Nonetheless, Gabriel believes that leaders who consistently fail to demonstrate that they care for their followers, no matter how successful they may be in the short run are unlikely to be viewed as moral leaders or command their trust, affection, and respect.

Discussion

Gabriel’s paper is one of the few leadership papers that focus on caring but does so in an ambiguous way. I identify what I think are some of the ambiguities that weaken the paper.

Like the prior post on caring management that centered primarily on employees, Gabriel’s view of caring leadership centers on followers. Gabriel asserts that leaders “will always be judged by their followers against their ability to demonstrate that they care.” [italics in original] Gabriel does not provide any empirical evidence for this claim, which is based on a study of archetypes (see, for example, Kociatkiewicz and Kostera). This claim can be empirically tested but Gabriel relies partly on Parry and Kempster’s article that focuses on charismatic leaders and followers. Gabriel’s specific examples of caring leadership focus on employees and patients within a hospital setting.
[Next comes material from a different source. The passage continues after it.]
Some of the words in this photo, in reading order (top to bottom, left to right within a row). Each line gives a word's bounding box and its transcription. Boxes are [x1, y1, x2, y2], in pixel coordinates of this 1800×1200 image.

Although Gabriel seems to recognize the breadth and depth of the ethics of care, he cuts away portions of this ethic to make his focus on followers and leadership at least a bit more practical in his mind. He does this by distinguishing an ethics of care from an ethic of care – I am unaware that others make such a distinction.
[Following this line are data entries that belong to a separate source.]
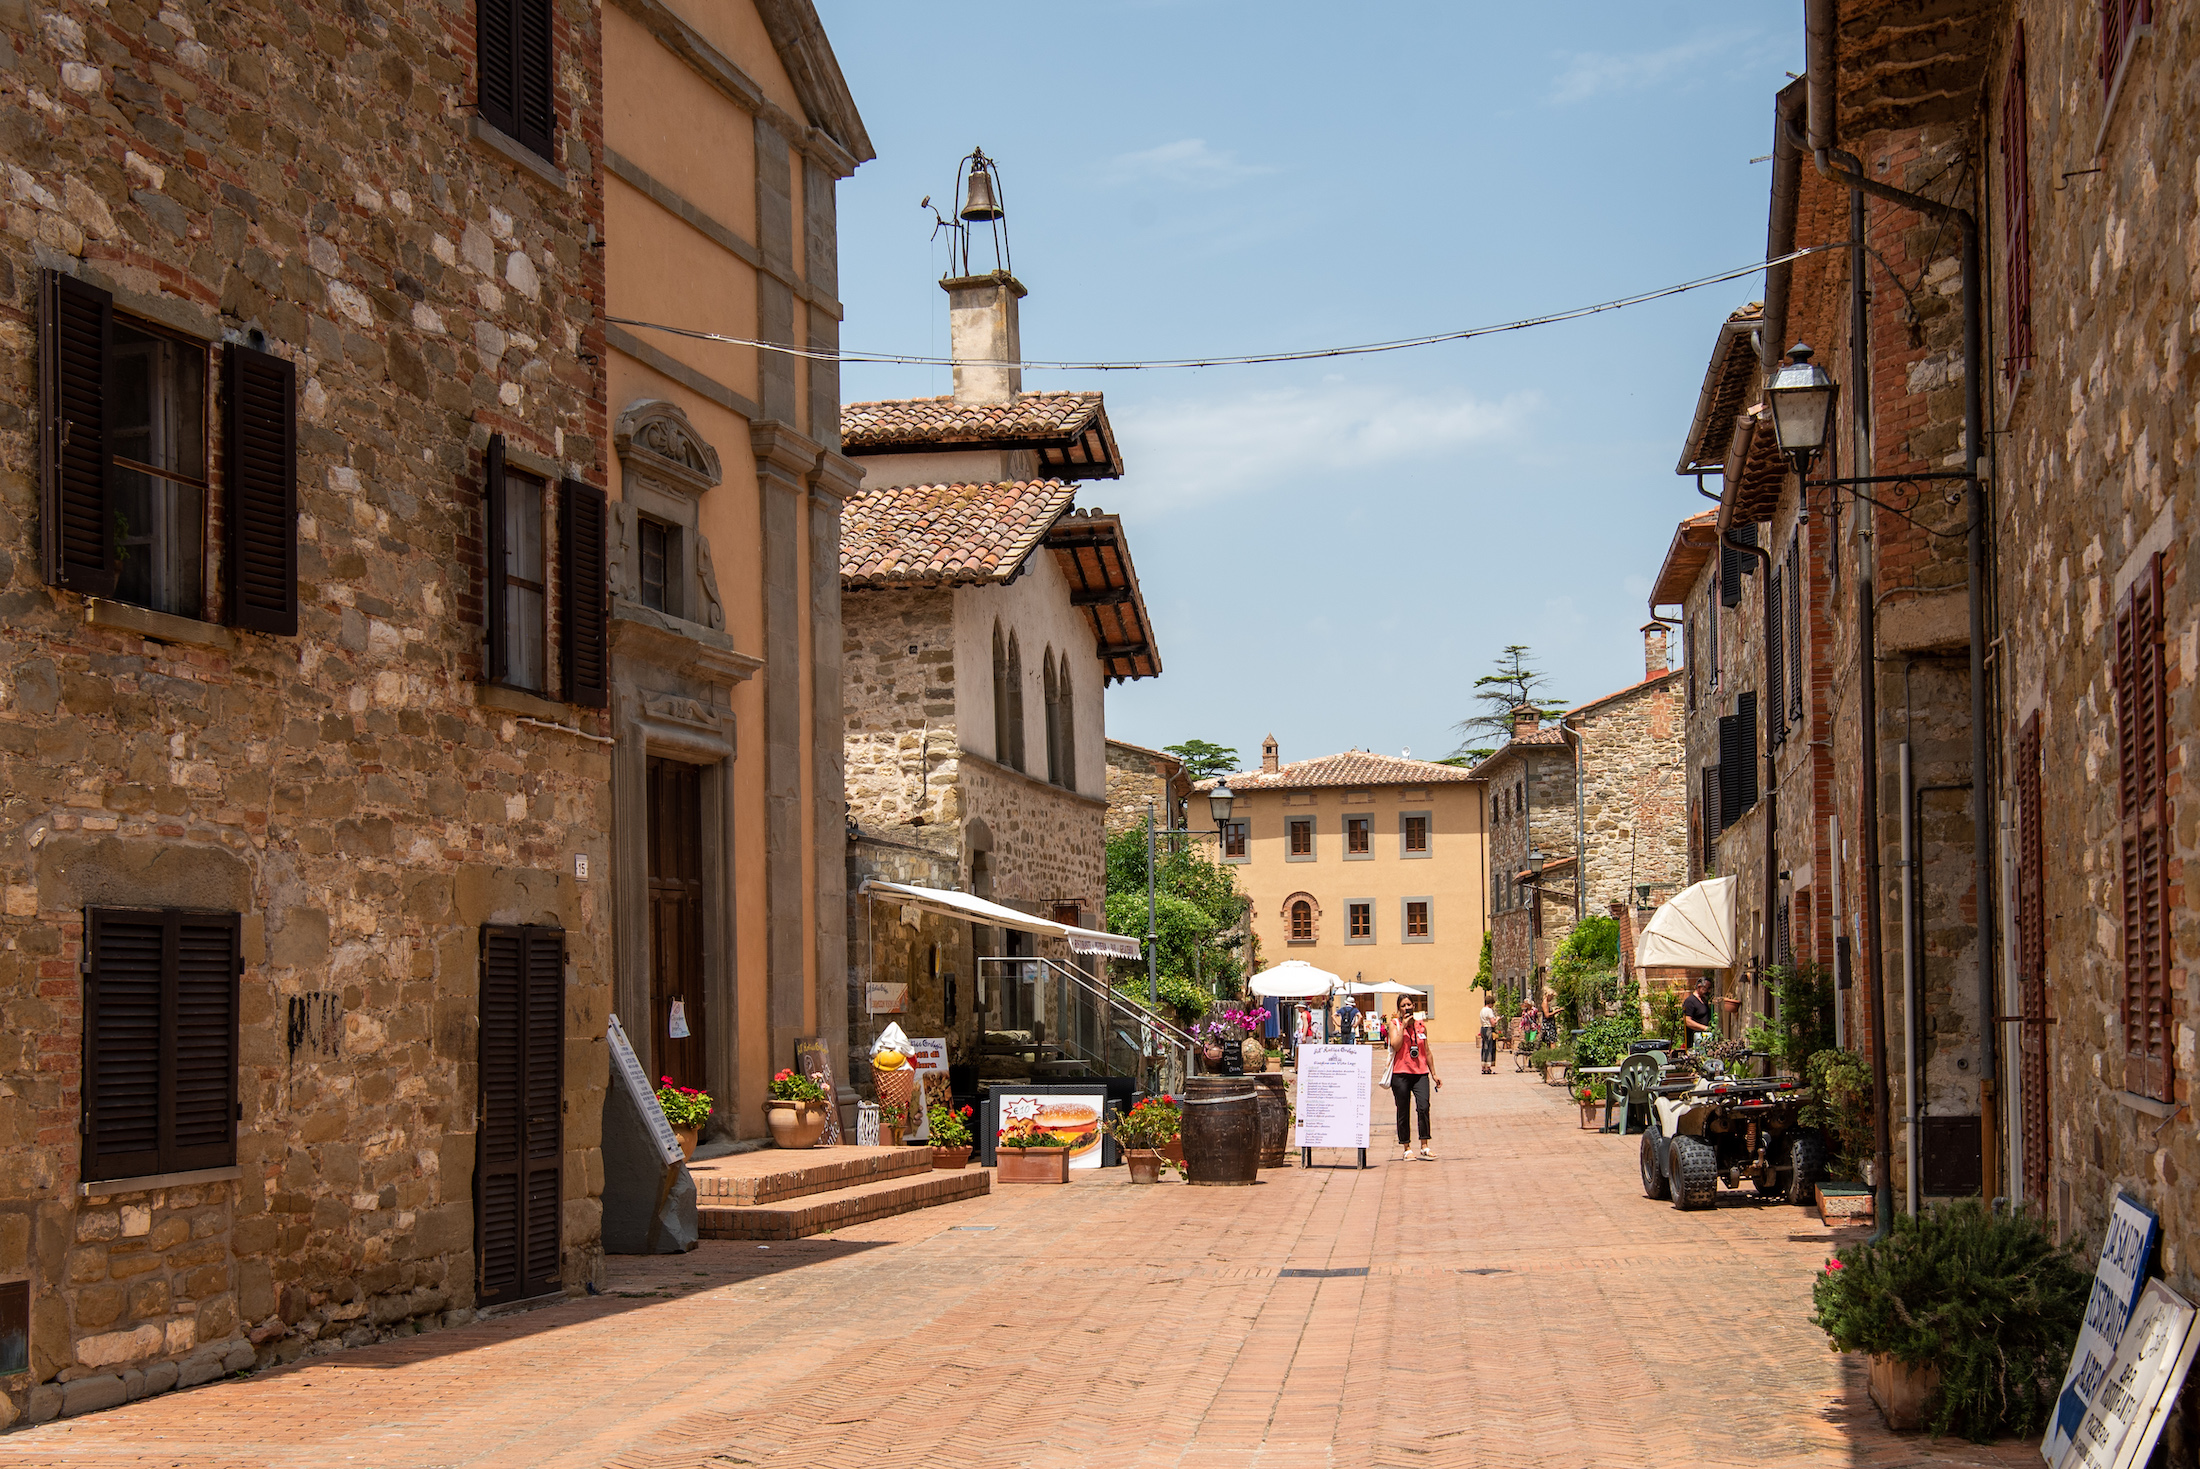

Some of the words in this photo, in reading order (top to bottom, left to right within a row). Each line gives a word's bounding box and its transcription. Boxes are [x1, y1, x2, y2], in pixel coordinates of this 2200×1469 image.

[578, 863, 586, 875] 15
[916, 1061, 937, 1069] tura
[930, 1050, 940, 1058] di
[2084, 1276, 2128, 1352] RISTORANTE
[2075, 1349, 2106, 1402] ALBER
[2119, 1363, 2138, 1391] BAR
[2099, 1378, 2136, 1425] RISTORANTE
[2084, 1412, 2110, 1450] PIZZERIA
He seems to want it both ways: he says, “love is the sine qua non of the caring leader.” He makes the point that the caring leader is compassionate and giving and goes “beyond the call of duty.” But he also says that “not every leader is caring, but nearly every leader, I would argue, would lose his legitimacy if they were perceived as ‘uncaring’ and that all leaders are expected to display some degree of caring.” I interpret this as saying there are caring leaders, uncaring leaders, and still other leaders that are between caring and uncaring.

Love can be interpreted in many ways. Love can mean the strong direction provided by a patriarchal leader in which caring can be more implied and distant than what occurs in day to day caring behavior. In fact, the Parry and Kempster article points out that this kind of love can evoke negative feelings, especially anger, among followers. Some followers experienced both positive and negative emotions. This kind of love seems much different than the love evoked by the good shepherd archetype.
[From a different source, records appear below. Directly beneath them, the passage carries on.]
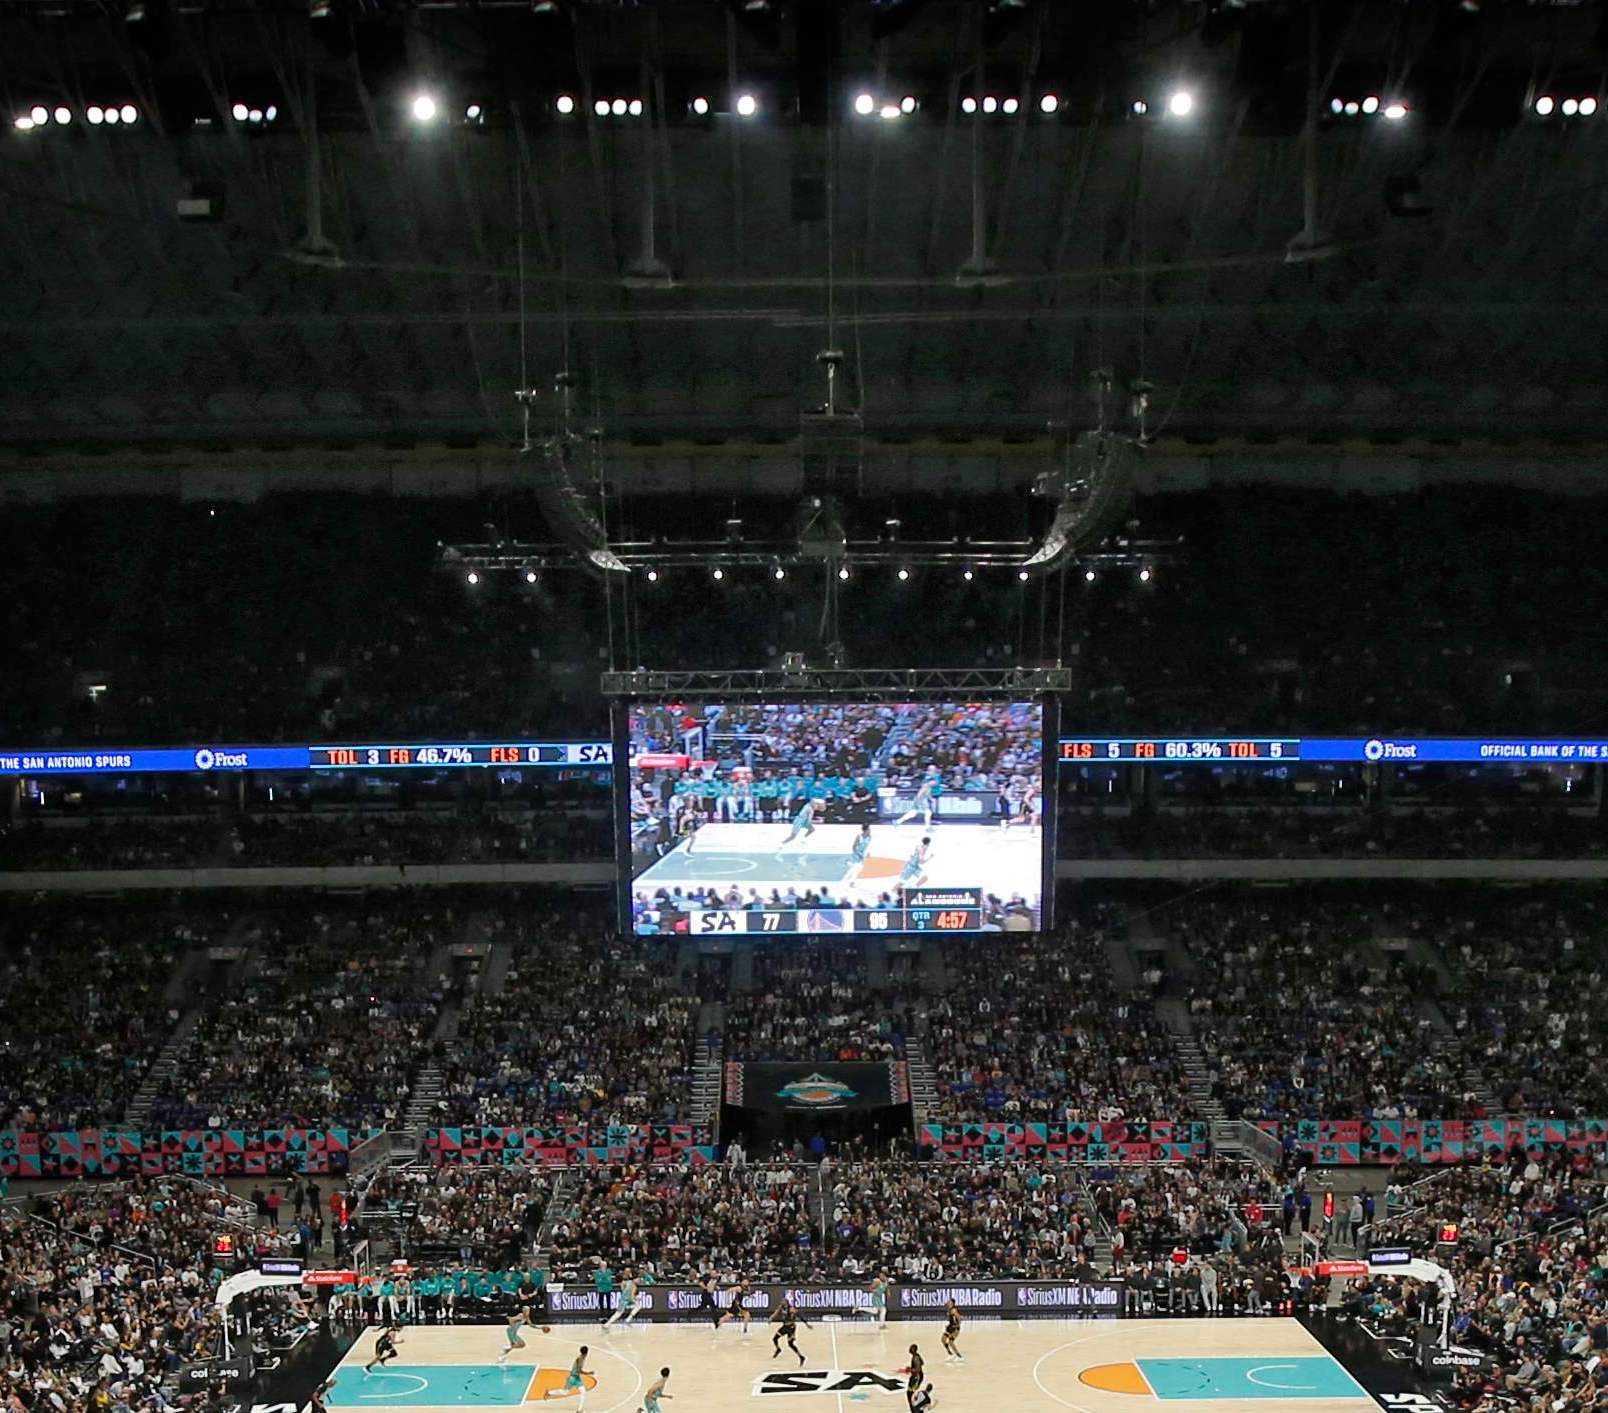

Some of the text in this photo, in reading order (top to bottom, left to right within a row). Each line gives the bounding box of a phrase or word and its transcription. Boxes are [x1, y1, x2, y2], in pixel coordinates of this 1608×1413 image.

[328, 746, 610, 765] TOL 3 FG 46.7% FLS 0 SA
[1064, 742, 1282, 758] FLS 5 FG 60.3% TOL 5
[1383, 744, 1417, 758] Frost
[1481, 744, 1527, 757] OFFICIAL
[1530, 745, 1558, 757] BANK
[1561, 745, 1574, 757] OF
[1578, 745, 1598, 757] THE
[0, 757, 19, 769] THE
[23, 757, 44, 769] SAN
[47, 756, 93, 768] ANTONIO
[96, 755, 131, 767] SPURS
[214, 753, 248, 767] Frost
[701, 913, 888, 932] SA 77 95
[912, 911, 930, 921] QTR
[918, 911, 968, 929] 3 4:57
[794, 1290, 855, 1308] SiriusXM NBA
[911, 1288, 1002, 1307] SiriusXM NBA Radio
[1027, 1287, 1066, 1305] SiriusXM
[1433, 1353, 1481, 1366] coinbase
[191, 1367, 239, 1379] coiase
[754, 1369, 909, 1395] SA
The specific qualities of a caring leader that Gabriel identifies seem relatively generic to me, qualities that could be found in many descriptions of good leaders. On the other hand, the qualities identify two central aspects of care ethics. One is the need to be attentive – one cannot care of one is inattentive to the needs of others, suggesting the need to be visible and relational. The other is the importance of emotions, such as consideration, respect, and empathy. These qualities importantly inhere in most discussions of care ethics.

Maybe it is idiosyncratic on my part, but Gabriel’s triggers in my mind the work of Ronald Heifetz, especially his Leadership on the Line and Leadership without Easy Answers.